BRIEF:
Below are entries to reproduce exactly, apart from their pictures.

ENTRIES SHOWN:

::::

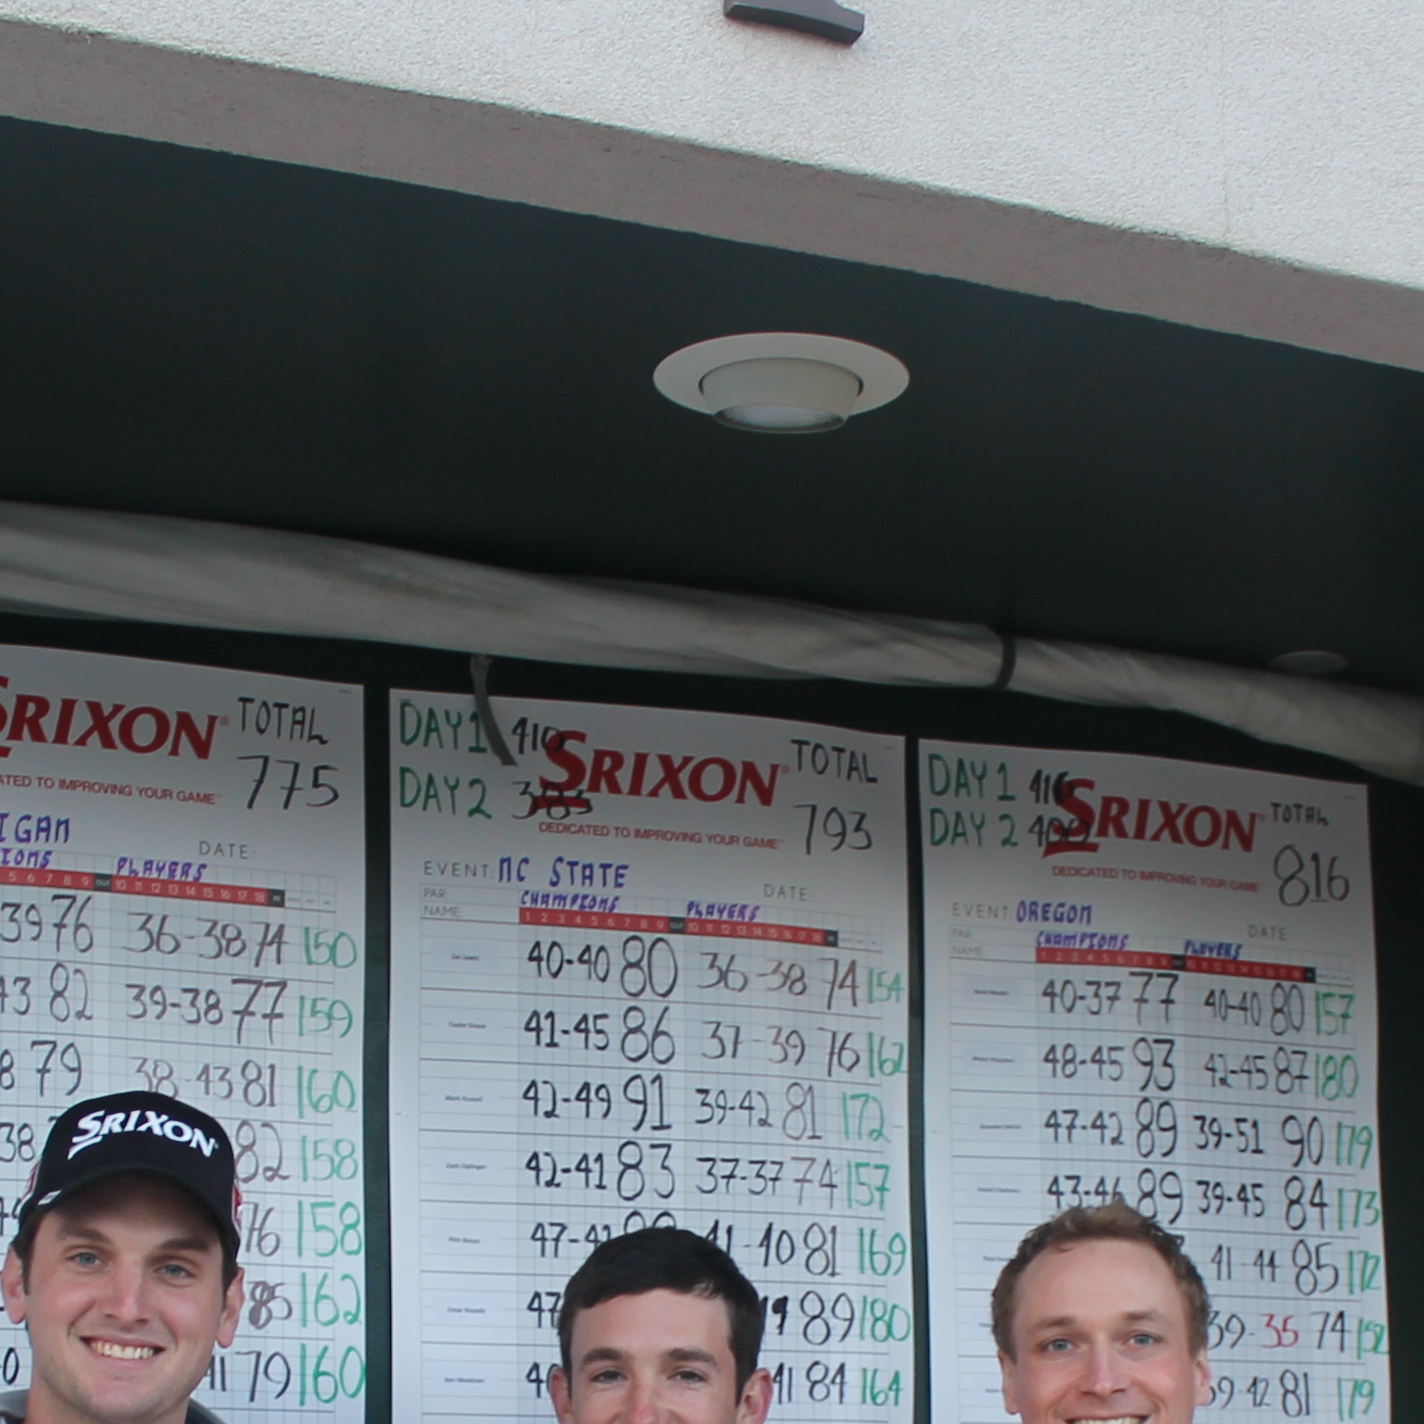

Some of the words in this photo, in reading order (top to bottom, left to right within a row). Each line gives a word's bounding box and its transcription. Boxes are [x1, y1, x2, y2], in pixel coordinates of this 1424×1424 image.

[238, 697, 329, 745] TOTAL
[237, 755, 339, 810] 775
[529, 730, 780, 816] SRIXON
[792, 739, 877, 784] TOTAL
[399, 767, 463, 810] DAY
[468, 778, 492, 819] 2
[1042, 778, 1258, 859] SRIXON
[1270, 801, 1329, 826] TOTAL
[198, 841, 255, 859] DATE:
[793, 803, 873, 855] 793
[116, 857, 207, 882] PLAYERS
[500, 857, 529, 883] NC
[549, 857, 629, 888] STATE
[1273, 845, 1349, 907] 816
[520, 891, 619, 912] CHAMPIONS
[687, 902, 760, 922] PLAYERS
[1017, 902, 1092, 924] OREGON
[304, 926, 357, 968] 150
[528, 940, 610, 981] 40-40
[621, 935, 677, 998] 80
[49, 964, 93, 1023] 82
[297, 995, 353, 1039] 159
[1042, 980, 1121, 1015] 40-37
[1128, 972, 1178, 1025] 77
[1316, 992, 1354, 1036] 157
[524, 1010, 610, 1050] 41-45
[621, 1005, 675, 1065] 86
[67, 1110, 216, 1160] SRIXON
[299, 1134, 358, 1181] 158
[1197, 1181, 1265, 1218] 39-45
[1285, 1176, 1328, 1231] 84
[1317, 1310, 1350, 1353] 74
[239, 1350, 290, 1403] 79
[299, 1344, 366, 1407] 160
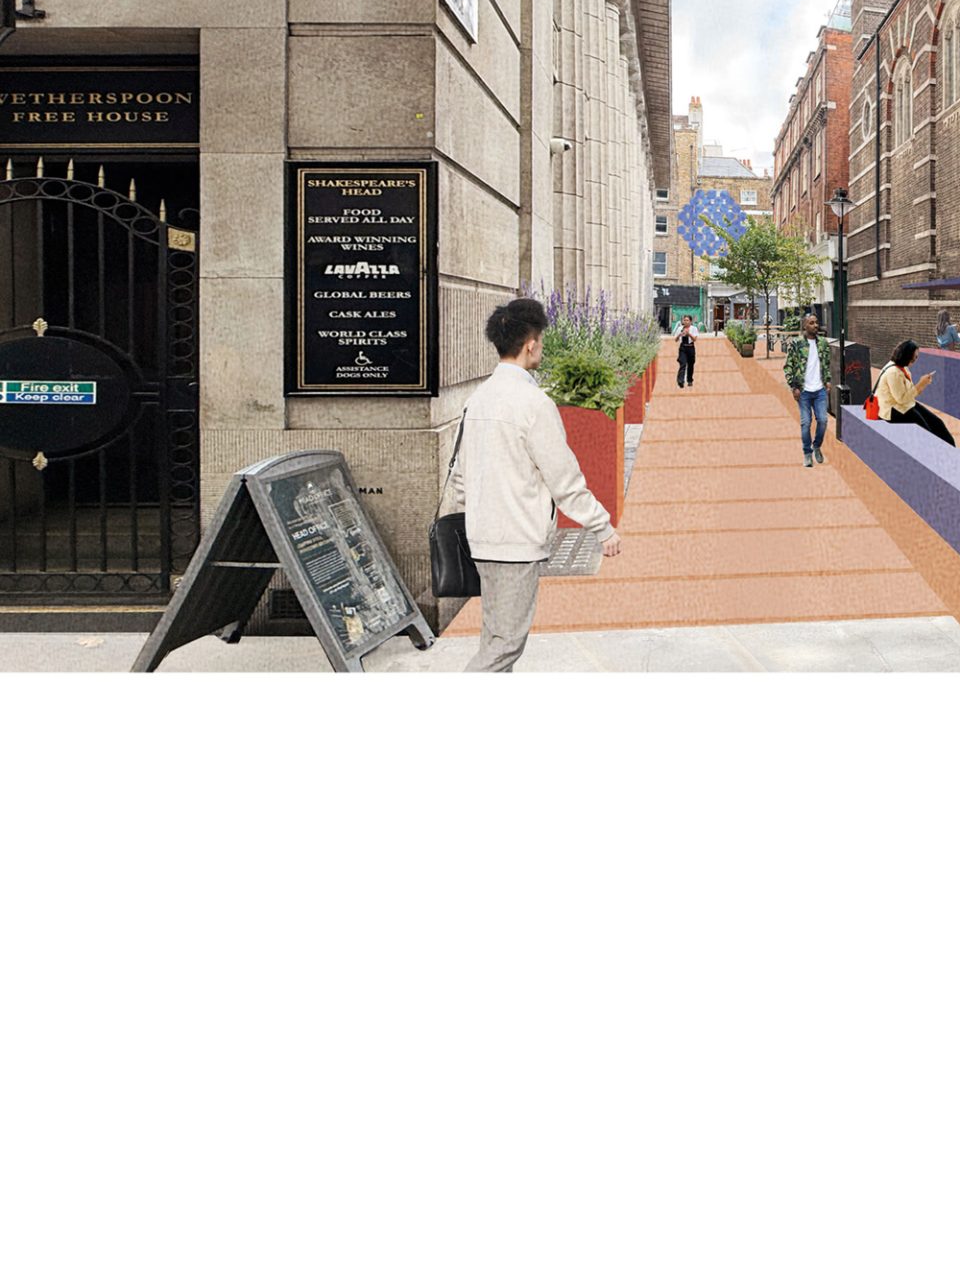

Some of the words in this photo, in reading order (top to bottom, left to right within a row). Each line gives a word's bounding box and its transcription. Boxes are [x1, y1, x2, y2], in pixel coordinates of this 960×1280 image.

::::

WRITTEN ANSWER:
Some of the words in this photo, in reading order (top to bottom, left to right within a row). Each line gives a word's bounding box and its transcription. Boxes are [x1, y1, x2, y2], in pixel coordinates of this 1424×1424 image.

[238, 697, 329, 745] TOTAL
[237, 755, 339, 810] 775
[529, 730, 780, 816] SRIXON
[792, 739, 877, 784] TOTAL
[399, 767, 463, 810] DAY
[468, 778, 492, 819] 2
[1042, 778, 1258, 859] SRIXON
[1270, 801, 1329, 826] TOTAL
[198, 841, 255, 859] DATE:
[793, 803, 873, 855] 793
[116, 857, 207, 882] PLAYERS
[500, 857, 529, 883] NC
[549, 857, 629, 888] STATE
[1273, 845, 1349, 907] 816
[520, 891, 619, 912] CHAMPIONS
[687, 902, 760, 922] PLAYERS
[1017, 902, 1092, 924] OREGON
[304, 926, 357, 968] 150
[528, 940, 610, 981] 40-40
[621, 935, 677, 998] 80
[49, 964, 93, 1023] 82
[297, 995, 353, 1039] 159
[1042, 980, 1121, 1015] 40-37
[1128, 972, 1178, 1025] 77
[1316, 992, 1354, 1036] 157
[524, 1010, 610, 1050] 41-45
[621, 1005, 675, 1065] 86
[67, 1110, 216, 1160] SRIXON
[299, 1134, 358, 1181] 158
[1197, 1181, 1265, 1218] 39-45
[1285, 1176, 1328, 1231] 84
[1317, 1310, 1350, 1353] 74
[239, 1350, 290, 1403] 79
[299, 1344, 366, 1407] 160

Some of the words in this photo, in reading order (top to bottom, left to right within a row). Each line gives a word's bounding box and its transcription. Boxes are [x1, y1, x2, y2], in pixel coordinates of this 960×1280 image.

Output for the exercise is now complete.